## YOUR TASK
A verbatim copy of every record is required, and no pictures should be included.

## RECORDED DATA
■ ■ ■
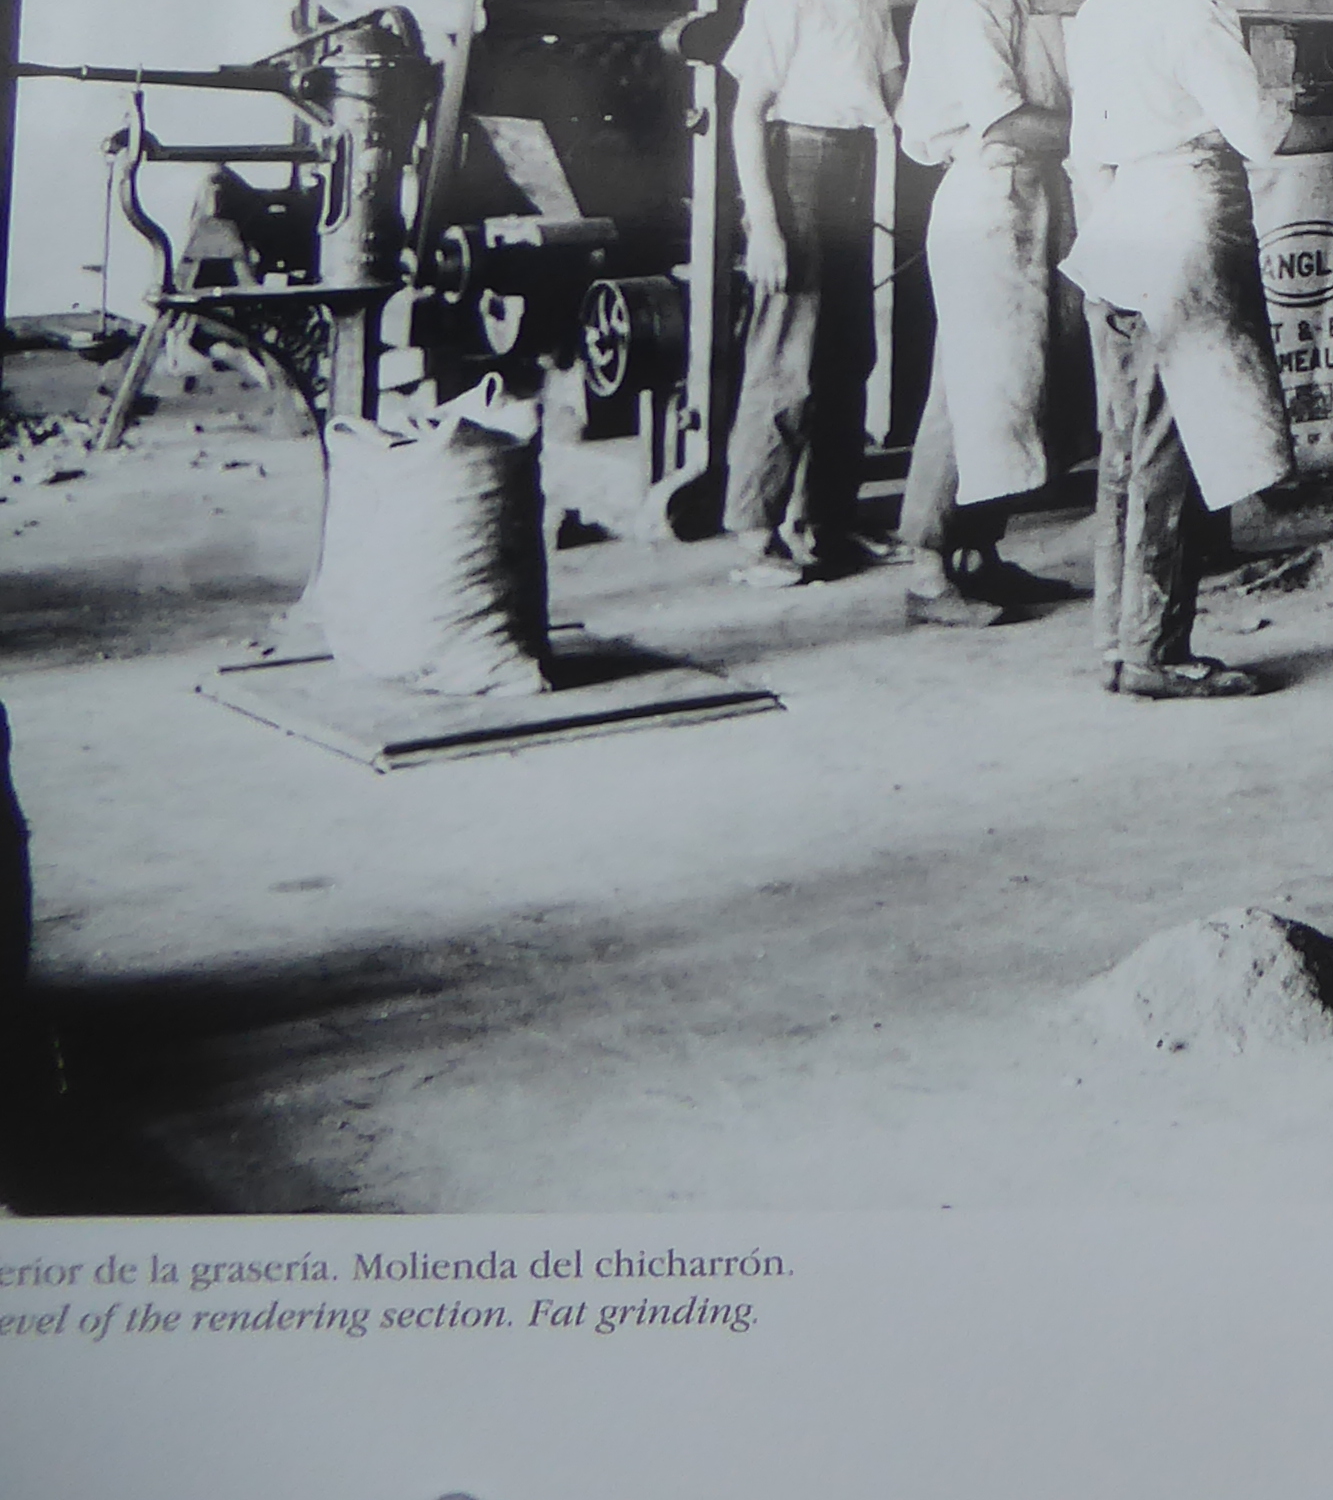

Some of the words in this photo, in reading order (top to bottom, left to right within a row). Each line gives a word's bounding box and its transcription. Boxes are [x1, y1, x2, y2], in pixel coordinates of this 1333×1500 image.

[0, 1257, 84, 1288] erior
[94, 1254, 138, 1285] de
[150, 1253, 179, 1284] la
[190, 1251, 338, 1291] grasería.
[353, 1249, 518, 1282] Molienda
[529, 1248, 583, 1280] del
[594, 1247, 794, 1280] chicharrón.
[0, 1303, 71, 1337] evel
[78, 1303, 121, 1343] of
[126, 1302, 182, 1334] the
[192, 1300, 371, 1338] rendering
[379, 1300, 513, 1329] section.
[527, 1299, 588, 1328] Fat
[594, 1296, 758, 1335] grinding.
■ ■ ■
## WRITTEN SOLUTION
Some of the words in this photo, in reading order (top to bottom, left to right within a row). Each line gives a word's bounding box and its transcription. Boxes are [x1, y1, x2, y2], in pixel coordinates of this 1333×1500 image.

[0, 1257, 84, 1288] erior
[94, 1254, 138, 1285] de
[150, 1253, 179, 1284] la
[190, 1251, 338, 1291] grasería.
[353, 1249, 518, 1282] Molienda
[529, 1248, 583, 1280] del
[594, 1247, 794, 1280] chicharrón.
[0, 1303, 71, 1337] evel
[78, 1303, 121, 1343] of
[126, 1302, 182, 1334] the
[192, 1300, 371, 1338] rendering
[379, 1300, 513, 1329] section.
[527, 1299, 588, 1328] Fat
[594, 1296, 758, 1335] grinding.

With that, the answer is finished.